#### Stored data entries:

'''

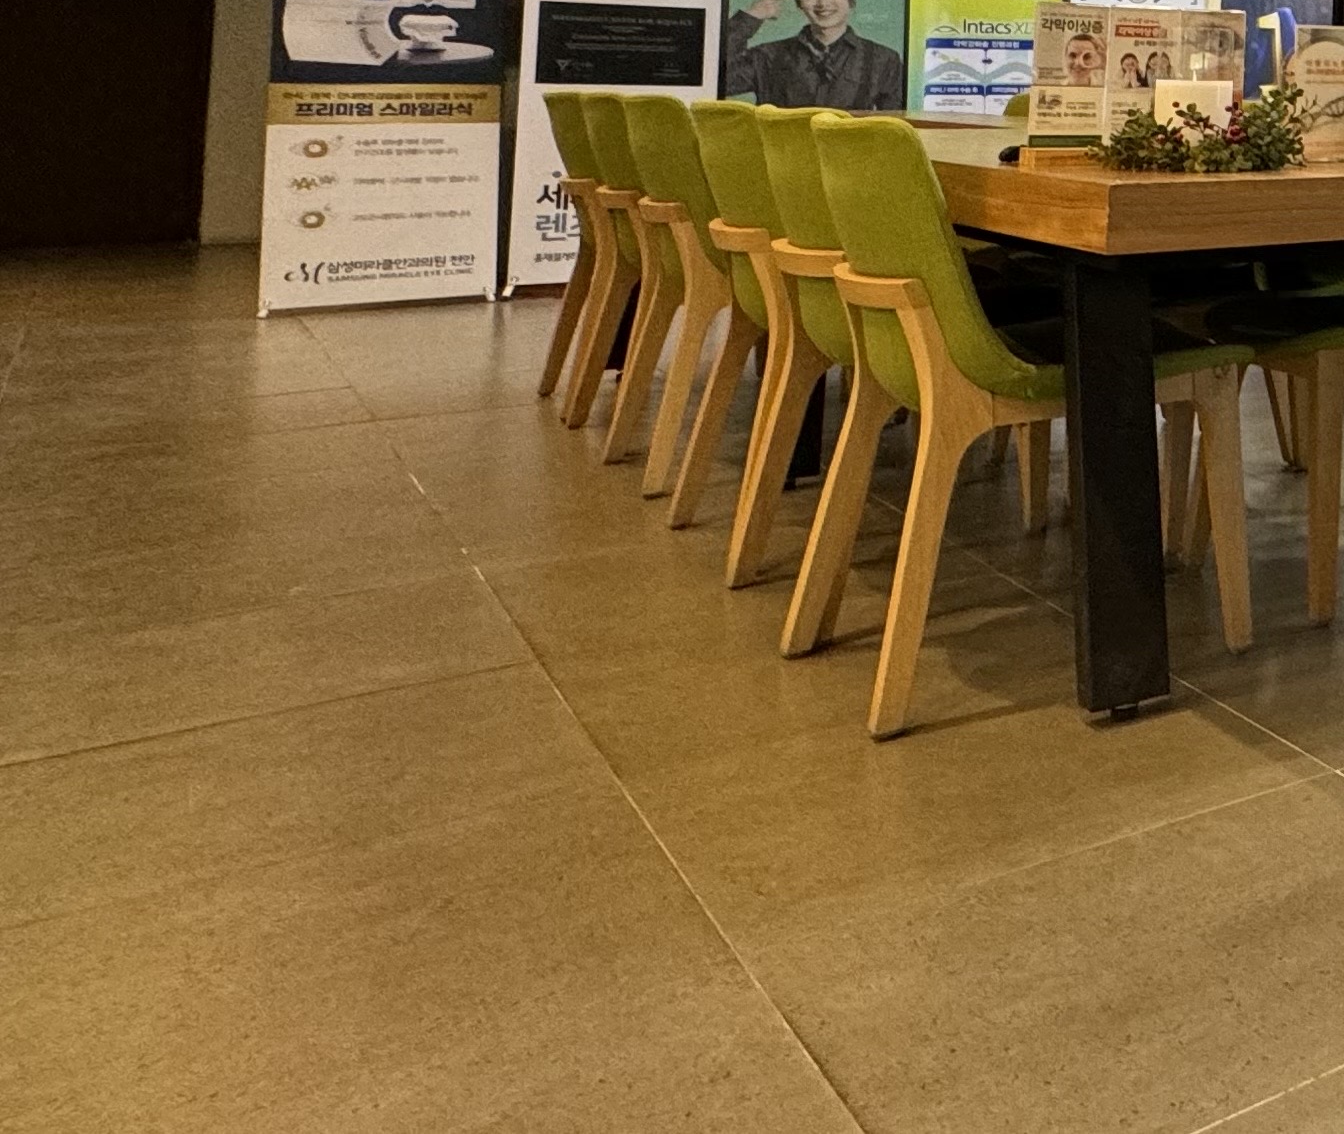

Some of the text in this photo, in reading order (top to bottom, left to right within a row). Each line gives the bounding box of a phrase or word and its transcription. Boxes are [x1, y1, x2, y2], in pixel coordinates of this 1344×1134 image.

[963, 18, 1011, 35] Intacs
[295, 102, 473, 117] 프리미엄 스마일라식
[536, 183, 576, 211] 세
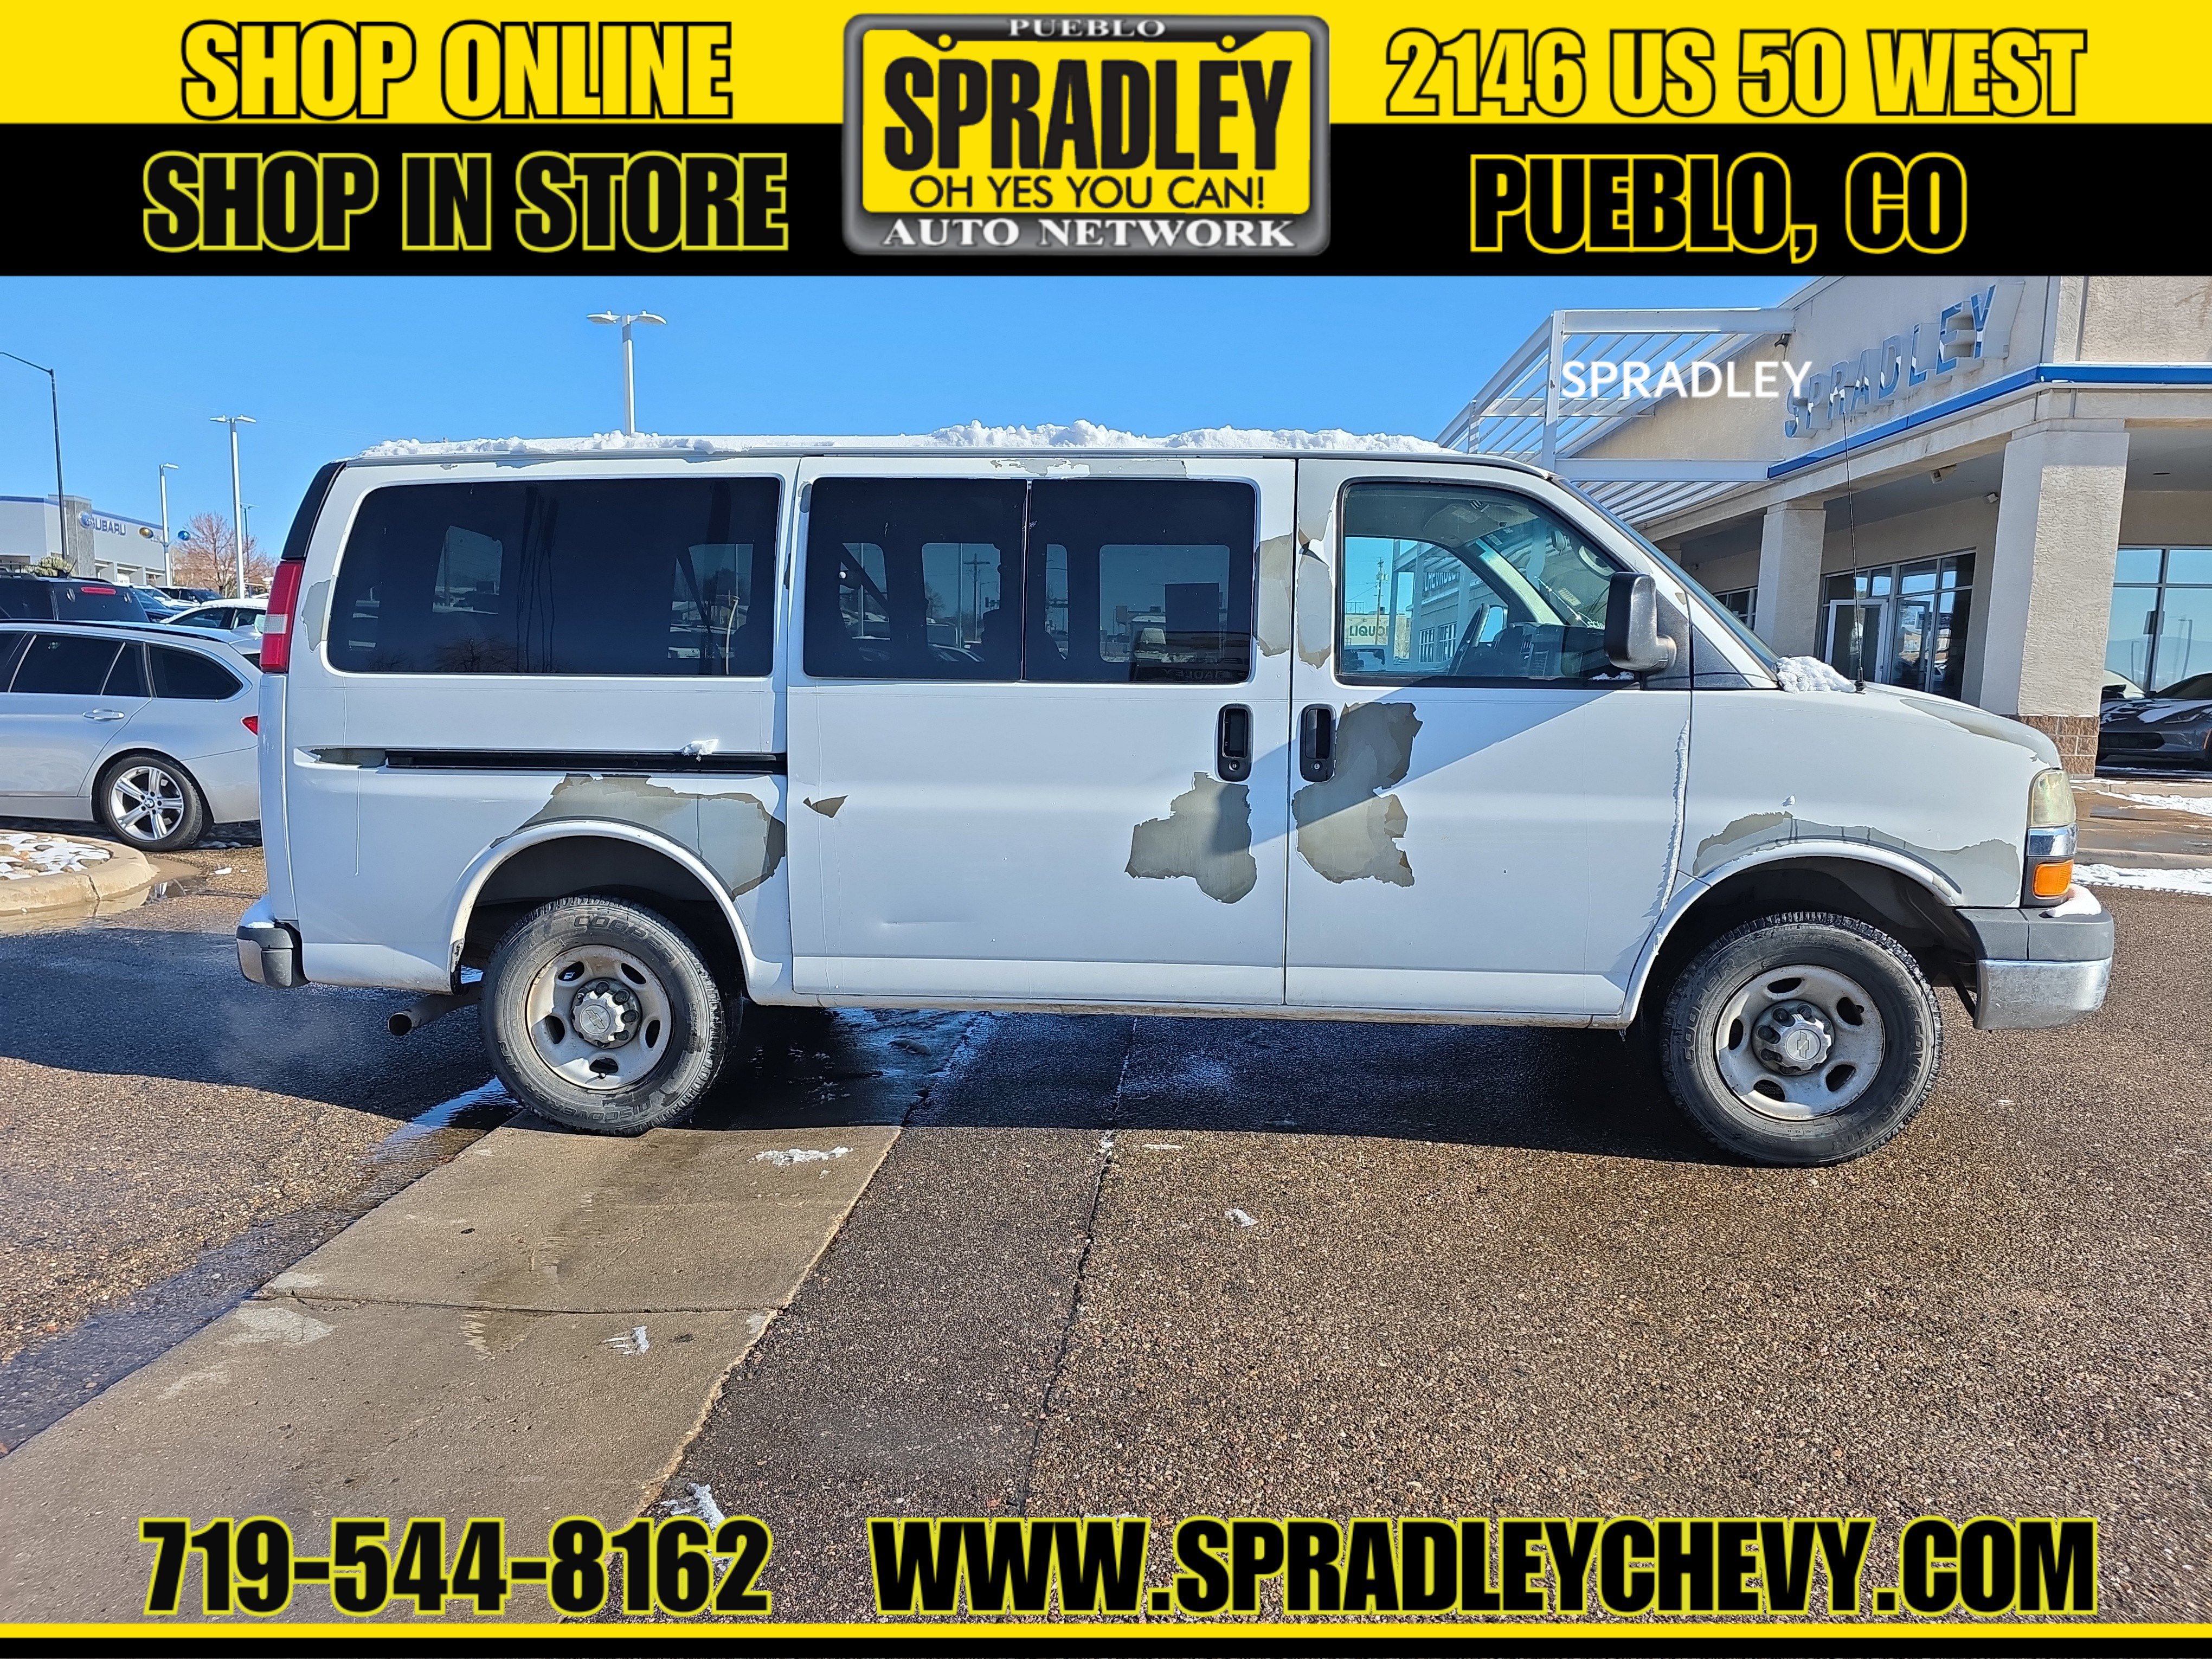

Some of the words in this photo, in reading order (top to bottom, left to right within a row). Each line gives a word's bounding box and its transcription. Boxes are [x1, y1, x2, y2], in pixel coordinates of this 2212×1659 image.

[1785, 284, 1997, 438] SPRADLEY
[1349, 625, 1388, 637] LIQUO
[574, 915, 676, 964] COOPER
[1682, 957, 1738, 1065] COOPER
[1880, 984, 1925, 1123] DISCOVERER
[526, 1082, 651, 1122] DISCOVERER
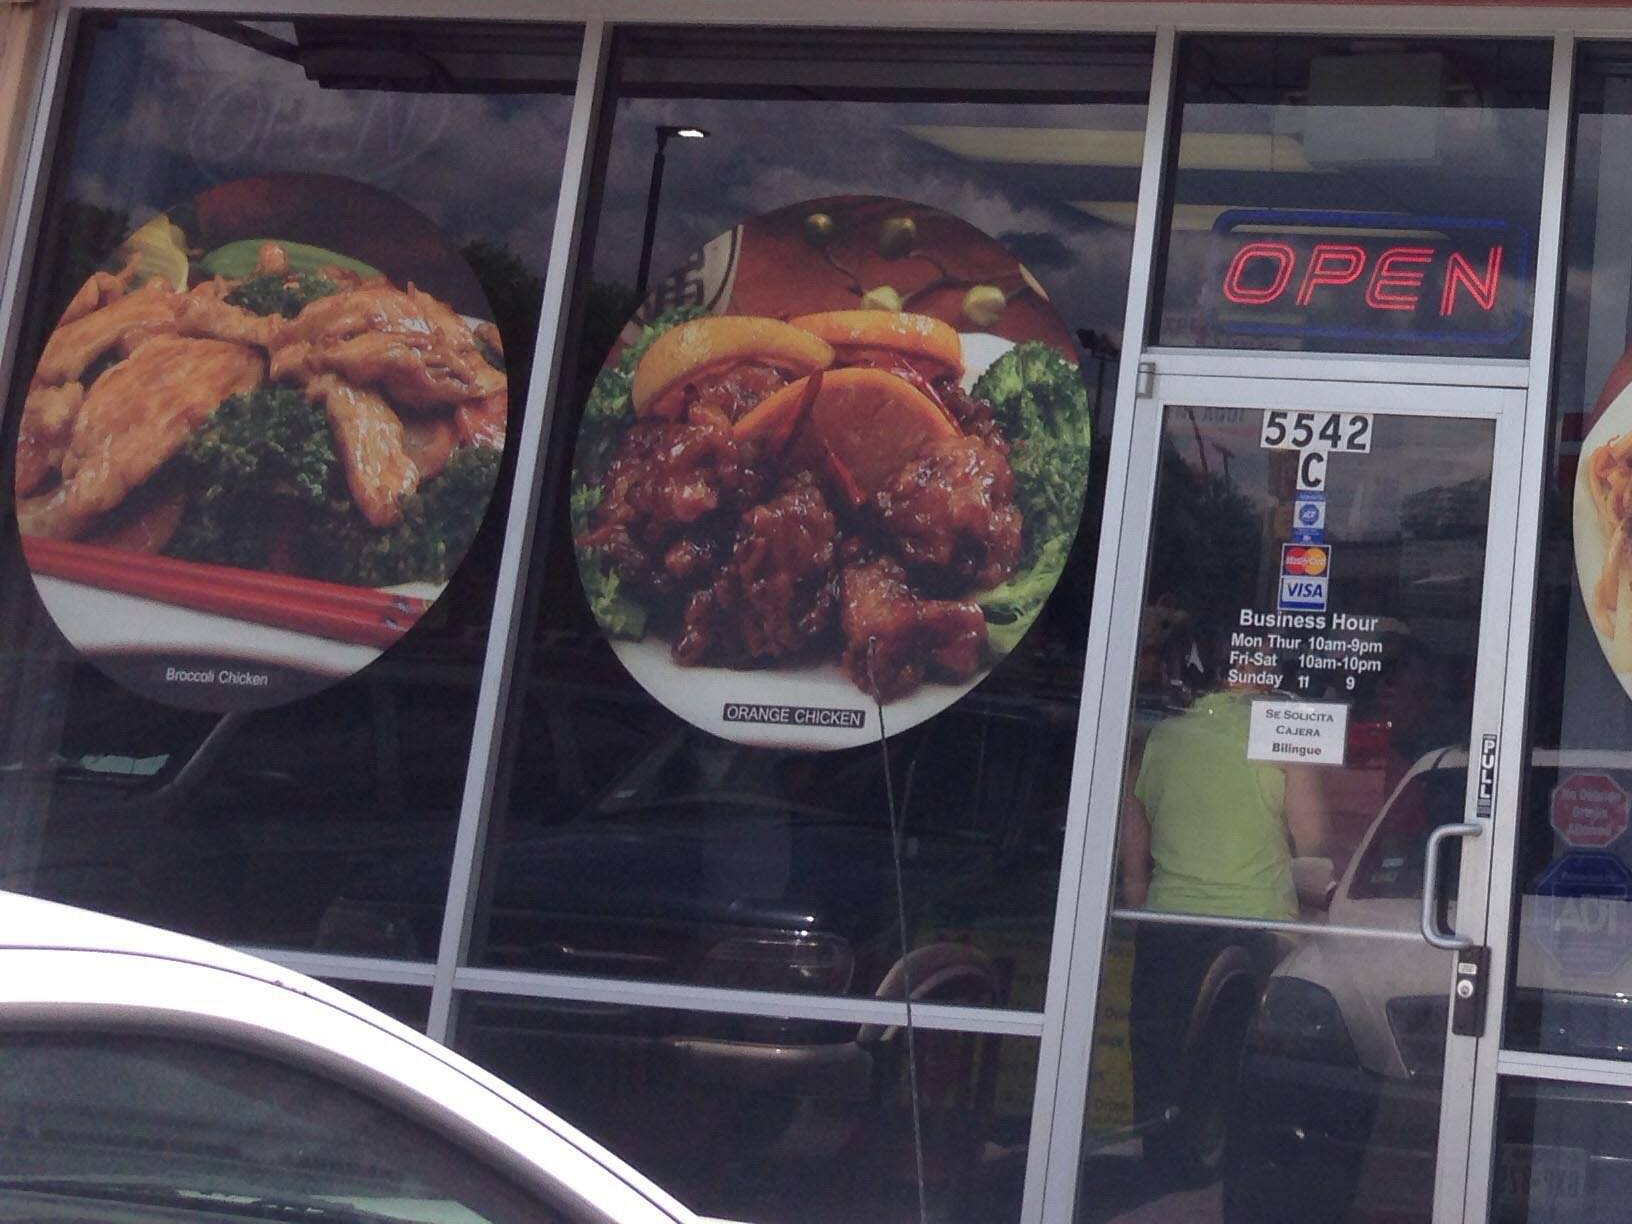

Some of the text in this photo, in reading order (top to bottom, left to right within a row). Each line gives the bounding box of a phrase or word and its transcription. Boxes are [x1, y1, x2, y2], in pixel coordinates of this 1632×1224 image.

'''

#### EXERCISE GOAL:
Omit every picture, then repeat the remaining data exactly as it appears above.

#### EXERCISE OUTPUT:
Some of the text in this photo, in reading order (top to bottom, left to right within a row). Each line gives the bounding box of a phrase or word and its transcription. Boxes are [x1, y1, x2, y2], in pixel coordinates of this 1344×1134 image.

[963, 18, 1011, 35] Intacs
[295, 102, 473, 117] 프리미엄 스마일라식
[536, 183, 576, 211] 세

Some of the words in this photo, in reading order (top to bottom, left to right within a row). Each line gives a word's bounding box and its transcription. Boxes are [x1, y1, x2, y2], in pixel coordinates of this 2212×1659 image.

[1785, 284, 1997, 438] SPRADLEY
[1349, 625, 1388, 637] LIQUO
[574, 915, 676, 964] COOPER
[1682, 957, 1738, 1065] COOPER
[1880, 984, 1925, 1123] DISCOVERER
[526, 1082, 651, 1122] DISCOVERER

Some of the text in this photo, in reading order (top to bottom, left to right within a row). Each line gives the bounding box of a phrase or word and its transcription. Boxes are [x1, y1, x2, y2], in pixel coordinates of this 1632×1224 image.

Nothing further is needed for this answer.